There was the pyramid-shaped mountain of his dream! There was a mining facility on its side. His dream was real! The things in it really were here on Mars!

After a moment he turned and tapped the nearest Martian on the shoulder. “Excuse me. What’s that?”

The man glanced at him, then out the window. “You mean the Pyramid Mine?” Then he saw Quaid staring fixedly at it. “I used to work there, till they found all that alien shit inside. Now it’s closed.”

Alien artifacts?
Then that, too, was true. He had been there, and his dream was a true memory, not idle fancy! But if he had fallen in, how could he have survived unscathed? Unless the fall had been broken, and he had taken a bash on the head that gave him amnesia. But that wouldn’t explain why others wanted to kill him, or why Hauser wanted to get even with Cohaagen. He still knew far too little!

“Can you visit?” he asked, rapt.

“Ha. Can’t get within ten miles.”

So there was some secret there. Why were they keeping people away? Certainly they weren’t going to keep
him
away! One way or another he would get there, and unravel his past.

And find his woman.

The Pyramid Mine was as impressive from another angle, as seen from the hall leading to Cohaagen’s office.

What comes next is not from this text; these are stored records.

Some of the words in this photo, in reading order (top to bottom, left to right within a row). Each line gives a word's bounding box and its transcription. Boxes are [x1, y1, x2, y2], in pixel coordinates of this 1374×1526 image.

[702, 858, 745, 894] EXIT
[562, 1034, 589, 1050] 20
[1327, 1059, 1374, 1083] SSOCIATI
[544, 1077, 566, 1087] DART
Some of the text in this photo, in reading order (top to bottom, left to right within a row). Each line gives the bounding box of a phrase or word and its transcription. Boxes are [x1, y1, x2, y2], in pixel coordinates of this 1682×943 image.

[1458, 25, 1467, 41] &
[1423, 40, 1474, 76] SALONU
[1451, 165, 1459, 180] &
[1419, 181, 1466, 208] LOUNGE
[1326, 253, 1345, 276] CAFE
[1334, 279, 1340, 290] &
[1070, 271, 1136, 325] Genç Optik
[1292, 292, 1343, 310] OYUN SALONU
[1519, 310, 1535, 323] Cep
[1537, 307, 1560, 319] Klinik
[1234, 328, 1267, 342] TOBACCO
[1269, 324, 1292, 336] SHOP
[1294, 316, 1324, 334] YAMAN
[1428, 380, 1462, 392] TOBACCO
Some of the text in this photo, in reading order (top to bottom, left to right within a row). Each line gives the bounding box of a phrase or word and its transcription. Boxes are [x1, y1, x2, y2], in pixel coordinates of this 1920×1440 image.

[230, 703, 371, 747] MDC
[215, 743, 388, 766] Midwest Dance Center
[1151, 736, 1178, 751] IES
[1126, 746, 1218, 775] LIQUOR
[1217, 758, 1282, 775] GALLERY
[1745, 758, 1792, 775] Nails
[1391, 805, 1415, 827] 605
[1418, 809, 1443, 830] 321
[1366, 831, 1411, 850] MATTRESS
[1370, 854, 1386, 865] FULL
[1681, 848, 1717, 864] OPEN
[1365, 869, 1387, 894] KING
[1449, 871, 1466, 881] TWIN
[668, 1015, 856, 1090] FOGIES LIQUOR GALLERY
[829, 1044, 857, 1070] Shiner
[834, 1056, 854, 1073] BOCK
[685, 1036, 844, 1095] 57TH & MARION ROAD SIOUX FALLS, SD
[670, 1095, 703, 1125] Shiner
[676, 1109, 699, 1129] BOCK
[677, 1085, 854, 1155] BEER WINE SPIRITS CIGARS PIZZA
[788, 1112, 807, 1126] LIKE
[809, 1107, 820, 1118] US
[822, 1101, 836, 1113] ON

Richter stared through the glass wall at the mining complex, wishing that he rated a stunning facility like this. He entered the office and faced the back of Cohaagen’s chair across his desk.

“Mr. Cohaagen,” he said. “You wanted to see me?”

Cohaagen swiveled around in his chair. He smiled silently for a moment. “Richter,” he said finally. “Do you know why I’m such a happy person?”

Because you’re the top man, Richter thought, with subordinates to chew out. He let none of this show through the dutiful expression on his face.

“No, sir,” he said respectfully.

“Because I’ve got a great fuckin’ job,” Cohaagen said calmly. “As long as the turbinium keeps flowing, I can do anything I want. Anything. Nobody’s looking over my shoulder. Nobody cares how I live. Nobody gives a shit if a few Martians have to suffer.” He paused.

“I’ll tell you the truth,” he continued. “I wouldn’t trade places with the Chairman.” It was difficult for him to keep a straight face. He had the Chairman by the short hairs and he knew it, but it wouldn’t do to give that kind of information to Richter. No, the masquerade would go on. For the time being.